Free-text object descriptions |
-- Opening Marker --
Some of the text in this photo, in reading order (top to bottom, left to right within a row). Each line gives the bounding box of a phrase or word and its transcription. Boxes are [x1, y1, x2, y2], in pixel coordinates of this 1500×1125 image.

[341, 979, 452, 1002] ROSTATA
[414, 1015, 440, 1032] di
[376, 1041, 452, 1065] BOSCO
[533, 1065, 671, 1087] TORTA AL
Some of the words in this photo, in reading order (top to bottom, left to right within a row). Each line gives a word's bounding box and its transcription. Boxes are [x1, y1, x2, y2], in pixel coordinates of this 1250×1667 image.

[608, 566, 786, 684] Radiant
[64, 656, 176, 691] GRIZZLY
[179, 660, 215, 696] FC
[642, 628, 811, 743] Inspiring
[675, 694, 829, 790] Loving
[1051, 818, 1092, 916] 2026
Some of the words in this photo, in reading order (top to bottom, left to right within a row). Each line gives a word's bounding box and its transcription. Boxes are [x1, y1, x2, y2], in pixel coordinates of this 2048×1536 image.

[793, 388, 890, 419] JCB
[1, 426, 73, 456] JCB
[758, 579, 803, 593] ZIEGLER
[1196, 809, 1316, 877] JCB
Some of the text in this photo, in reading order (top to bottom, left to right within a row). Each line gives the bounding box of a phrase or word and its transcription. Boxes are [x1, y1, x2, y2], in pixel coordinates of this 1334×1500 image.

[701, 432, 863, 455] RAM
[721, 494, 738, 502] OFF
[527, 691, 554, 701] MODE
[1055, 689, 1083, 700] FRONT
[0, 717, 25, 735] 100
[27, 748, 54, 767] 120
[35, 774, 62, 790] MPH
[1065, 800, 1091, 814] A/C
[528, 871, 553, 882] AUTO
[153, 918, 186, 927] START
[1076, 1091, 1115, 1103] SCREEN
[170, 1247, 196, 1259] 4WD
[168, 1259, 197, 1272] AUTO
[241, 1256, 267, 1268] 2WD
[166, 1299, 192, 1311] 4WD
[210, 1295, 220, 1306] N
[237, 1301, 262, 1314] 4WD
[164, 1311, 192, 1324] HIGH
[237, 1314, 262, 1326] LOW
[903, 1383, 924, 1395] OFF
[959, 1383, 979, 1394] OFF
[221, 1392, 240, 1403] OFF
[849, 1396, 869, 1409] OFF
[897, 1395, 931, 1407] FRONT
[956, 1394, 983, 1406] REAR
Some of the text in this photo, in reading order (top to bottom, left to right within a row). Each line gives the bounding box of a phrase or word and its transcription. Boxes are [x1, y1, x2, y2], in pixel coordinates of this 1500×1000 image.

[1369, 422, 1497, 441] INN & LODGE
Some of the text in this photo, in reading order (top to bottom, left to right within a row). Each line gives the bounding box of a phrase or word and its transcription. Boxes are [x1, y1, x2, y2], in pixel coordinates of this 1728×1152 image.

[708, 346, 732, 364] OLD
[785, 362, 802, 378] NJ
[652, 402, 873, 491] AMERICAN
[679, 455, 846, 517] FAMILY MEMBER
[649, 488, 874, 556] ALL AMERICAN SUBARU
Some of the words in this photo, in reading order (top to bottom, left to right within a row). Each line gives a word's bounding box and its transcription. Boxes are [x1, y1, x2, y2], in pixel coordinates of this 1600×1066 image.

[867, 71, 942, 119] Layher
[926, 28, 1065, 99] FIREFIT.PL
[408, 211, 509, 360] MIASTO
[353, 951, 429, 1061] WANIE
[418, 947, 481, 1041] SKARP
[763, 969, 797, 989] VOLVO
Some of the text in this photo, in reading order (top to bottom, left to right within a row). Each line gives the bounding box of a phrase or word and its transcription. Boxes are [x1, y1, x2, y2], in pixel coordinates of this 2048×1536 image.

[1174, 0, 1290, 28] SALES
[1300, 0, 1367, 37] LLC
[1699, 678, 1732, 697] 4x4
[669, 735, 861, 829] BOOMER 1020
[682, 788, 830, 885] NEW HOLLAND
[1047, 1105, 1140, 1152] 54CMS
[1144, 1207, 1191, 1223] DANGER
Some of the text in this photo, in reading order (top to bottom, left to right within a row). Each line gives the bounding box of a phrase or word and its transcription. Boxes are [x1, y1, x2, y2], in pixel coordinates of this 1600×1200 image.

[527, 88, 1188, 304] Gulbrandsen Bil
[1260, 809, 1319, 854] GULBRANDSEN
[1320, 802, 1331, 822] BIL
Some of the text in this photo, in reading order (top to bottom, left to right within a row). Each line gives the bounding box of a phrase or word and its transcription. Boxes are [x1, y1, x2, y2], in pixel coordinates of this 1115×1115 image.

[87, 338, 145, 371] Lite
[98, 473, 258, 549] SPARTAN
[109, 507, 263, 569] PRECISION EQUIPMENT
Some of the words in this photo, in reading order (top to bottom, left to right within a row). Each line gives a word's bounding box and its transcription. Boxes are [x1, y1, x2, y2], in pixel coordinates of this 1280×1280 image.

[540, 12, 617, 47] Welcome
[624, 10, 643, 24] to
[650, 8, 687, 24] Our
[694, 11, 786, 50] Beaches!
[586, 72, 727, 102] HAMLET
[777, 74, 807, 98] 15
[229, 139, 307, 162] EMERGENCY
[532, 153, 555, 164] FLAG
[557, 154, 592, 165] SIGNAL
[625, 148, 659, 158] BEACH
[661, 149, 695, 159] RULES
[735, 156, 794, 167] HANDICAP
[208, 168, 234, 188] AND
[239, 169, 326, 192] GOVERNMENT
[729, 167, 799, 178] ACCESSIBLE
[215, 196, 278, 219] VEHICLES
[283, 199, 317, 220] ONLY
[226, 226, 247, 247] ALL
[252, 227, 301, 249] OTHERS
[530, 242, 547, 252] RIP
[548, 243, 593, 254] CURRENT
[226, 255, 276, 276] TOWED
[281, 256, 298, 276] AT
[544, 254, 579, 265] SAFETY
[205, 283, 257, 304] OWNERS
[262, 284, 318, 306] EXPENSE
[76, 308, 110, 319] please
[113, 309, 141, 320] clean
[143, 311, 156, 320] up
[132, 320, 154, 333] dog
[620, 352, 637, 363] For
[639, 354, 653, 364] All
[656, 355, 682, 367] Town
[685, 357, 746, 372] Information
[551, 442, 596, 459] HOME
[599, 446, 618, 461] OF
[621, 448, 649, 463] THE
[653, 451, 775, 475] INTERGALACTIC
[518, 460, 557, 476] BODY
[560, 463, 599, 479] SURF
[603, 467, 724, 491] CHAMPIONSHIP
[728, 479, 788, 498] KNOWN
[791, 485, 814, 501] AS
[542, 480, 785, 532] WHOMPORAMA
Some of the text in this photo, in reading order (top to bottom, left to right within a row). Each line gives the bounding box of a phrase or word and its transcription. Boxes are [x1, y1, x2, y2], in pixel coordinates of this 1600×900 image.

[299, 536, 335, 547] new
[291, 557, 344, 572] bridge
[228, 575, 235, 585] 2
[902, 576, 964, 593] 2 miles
-- Closing Marker --
BRIEF |
The response should consist of all the entries, reproduced word for word.

EXERCISE OUTPUT |
Some of the text in this photo, in reading order (top to bottom, left to right within a row). Each line gives the bounding box of a phrase or word and its transcription. Boxes are [x1, y1, x2, y2], in pixel coordinates of this 1500×1125 image.

[341, 979, 452, 1002] ROSTATA
[414, 1015, 440, 1032] di
[376, 1041, 452, 1065] BOSCO
[533, 1065, 671, 1087] TORTA AL
Some of the words in this photo, in reading order (top to bottom, left to right within a row). Each line gives a word's bounding box and its transcription. Boxes are [x1, y1, x2, y2], in pixel coordinates of this 1250×1667 image.

[608, 566, 786, 684] Radiant
[64, 656, 176, 691] GRIZZLY
[179, 660, 215, 696] FC
[642, 628, 811, 743] Inspiring
[675, 694, 829, 790] Loving
[1051, 818, 1092, 916] 2026
Some of the words in this photo, in reading order (top to bottom, left to right within a row). Each line gives a word's bounding box and its transcription. Boxes are [x1, y1, x2, y2], in pixel coordinates of this 2048×1536 image.

[793, 388, 890, 419] JCB
[1, 426, 73, 456] JCB
[758, 579, 803, 593] ZIEGLER
[1196, 809, 1316, 877] JCB
Some of the text in this photo, in reading order (top to bottom, left to right within a row). Each line gives the bounding box of a phrase or word and its transcription. Boxes are [x1, y1, x2, y2], in pixel coordinates of this 1334×1500 image.

[701, 432, 863, 455] RAM
[721, 494, 738, 502] OFF
[527, 691, 554, 701] MODE
[1055, 689, 1083, 700] FRONT
[0, 717, 25, 735] 100
[27, 748, 54, 767] 120
[35, 774, 62, 790] MPH
[1065, 800, 1091, 814] A/C
[528, 871, 553, 882] AUTO
[153, 918, 186, 927] START
[1076, 1091, 1115, 1103] SCREEN
[170, 1247, 196, 1259] 4WD
[168, 1259, 197, 1272] AUTO
[241, 1256, 267, 1268] 2WD
[166, 1299, 192, 1311] 4WD
[210, 1295, 220, 1306] N
[237, 1301, 262, 1314] 4WD
[164, 1311, 192, 1324] HIGH
[237, 1314, 262, 1326] LOW
[903, 1383, 924, 1395] OFF
[959, 1383, 979, 1394] OFF
[221, 1392, 240, 1403] OFF
[849, 1396, 869, 1409] OFF
[897, 1395, 931, 1407] FRONT
[956, 1394, 983, 1406] REAR
Some of the text in this photo, in reading order (top to bottom, left to right within a row). Each line gives the bounding box of a phrase or word and its transcription. Boxes are [x1, y1, x2, y2], in pixel coordinates of this 1500×1000 image.

[1369, 422, 1497, 441] INN & LODGE
Some of the text in this photo, in reading order (top to bottom, left to right within a row). Each line gives the bounding box of a phrase or word and its transcription. Boxes are [x1, y1, x2, y2], in pixel coordinates of this 1728×1152 image.

[708, 346, 732, 364] OLD
[785, 362, 802, 378] NJ
[652, 402, 873, 491] AMERICAN
[679, 455, 846, 517] FAMILY MEMBER
[649, 488, 874, 556] ALL AMERICAN SUBARU
Some of the words in this photo, in reading order (top to bottom, left to right within a row). Each line gives a word's bounding box and its transcription. Boxes are [x1, y1, x2, y2], in pixel coordinates of this 1600×1066 image.

[867, 71, 942, 119] Layher
[926, 28, 1065, 99] FIREFIT.PL
[408, 211, 509, 360] MIASTO
[353, 951, 429, 1061] WANIE
[418, 947, 481, 1041] SKARP
[763, 969, 797, 989] VOLVO
Some of the text in this photo, in reading order (top to bottom, left to right within a row). Each line gives the bounding box of a phrase or word and its transcription. Boxes are [x1, y1, x2, y2], in pixel coordinates of this 2048×1536 image.

[1174, 0, 1290, 28] SALES
[1300, 0, 1367, 37] LLC
[1699, 678, 1732, 697] 4x4
[669, 735, 861, 829] BOOMER 1020
[682, 788, 830, 885] NEW HOLLAND
[1047, 1105, 1140, 1152] 54CMS
[1144, 1207, 1191, 1223] DANGER
Some of the text in this photo, in reading order (top to bottom, left to right within a row). Each line gives the bounding box of a phrase or word and its transcription. Boxes are [x1, y1, x2, y2], in pixel coordinates of this 1600×1200 image.

[527, 88, 1188, 304] Gulbrandsen Bil
[1260, 809, 1319, 854] GULBRANDSEN
[1320, 802, 1331, 822] BIL
Some of the text in this photo, in reading order (top to bottom, left to right within a row). Each line gives the bounding box of a phrase or word and its transcription. Boxes are [x1, y1, x2, y2], in pixel coordinates of this 1115×1115 image.

[87, 338, 145, 371] Lite
[98, 473, 258, 549] SPARTAN
[109, 507, 263, 569] PRECISION EQUIPMENT
Some of the words in this photo, in reading order (top to bottom, left to right within a row). Each line gives a word's bounding box and its transcription. Boxes are [x1, y1, x2, y2], in pixel coordinates of this 1280×1280 image.

[540, 12, 617, 47] Welcome
[624, 10, 643, 24] to
[650, 8, 687, 24] Our
[694, 11, 786, 50] Beaches!
[586, 72, 727, 102] HAMLET
[777, 74, 807, 98] 15
[229, 139, 307, 162] EMERGENCY
[532, 153, 555, 164] FLAG
[557, 154, 592, 165] SIGNAL
[625, 148, 659, 158] BEACH
[661, 149, 695, 159] RULES
[735, 156, 794, 167] HANDICAP
[208, 168, 234, 188] AND
[239, 169, 326, 192] GOVERNMENT
[729, 167, 799, 178] ACCESSIBLE
[215, 196, 278, 219] VEHICLES
[283, 199, 317, 220] ONLY
[226, 226, 247, 247] ALL
[252, 227, 301, 249] OTHERS
[530, 242, 547, 252] RIP
[548, 243, 593, 254] CURRENT
[226, 255, 276, 276] TOWED
[281, 256, 298, 276] AT
[544, 254, 579, 265] SAFETY
[205, 283, 257, 304] OWNERS
[262, 284, 318, 306] EXPENSE
[76, 308, 110, 319] please
[113, 309, 141, 320] clean
[143, 311, 156, 320] up
[132, 320, 154, 333] dog
[620, 352, 637, 363] For
[639, 354, 653, 364] All
[656, 355, 682, 367] Town
[685, 357, 746, 372] Information
[551, 442, 596, 459] HOME
[599, 446, 618, 461] OF
[621, 448, 649, 463] THE
[653, 451, 775, 475] INTERGALACTIC
[518, 460, 557, 476] BODY
[560, 463, 599, 479] SURF
[603, 467, 724, 491] CHAMPIONSHIP
[728, 479, 788, 498] KNOWN
[791, 485, 814, 501] AS
[542, 480, 785, 532] WHOMPORAMA
Some of the text in this photo, in reading order (top to bottom, left to right within a row). Each line gives the bounding box of a phrase or word and its transcription. Boxes are [x1, y1, x2, y2], in pixel coordinates of this 1600×900 image.

[299, 536, 335, 547] new
[291, 557, 344, 572] bridge
[228, 575, 235, 585] 2
[902, 576, 964, 593] 2 miles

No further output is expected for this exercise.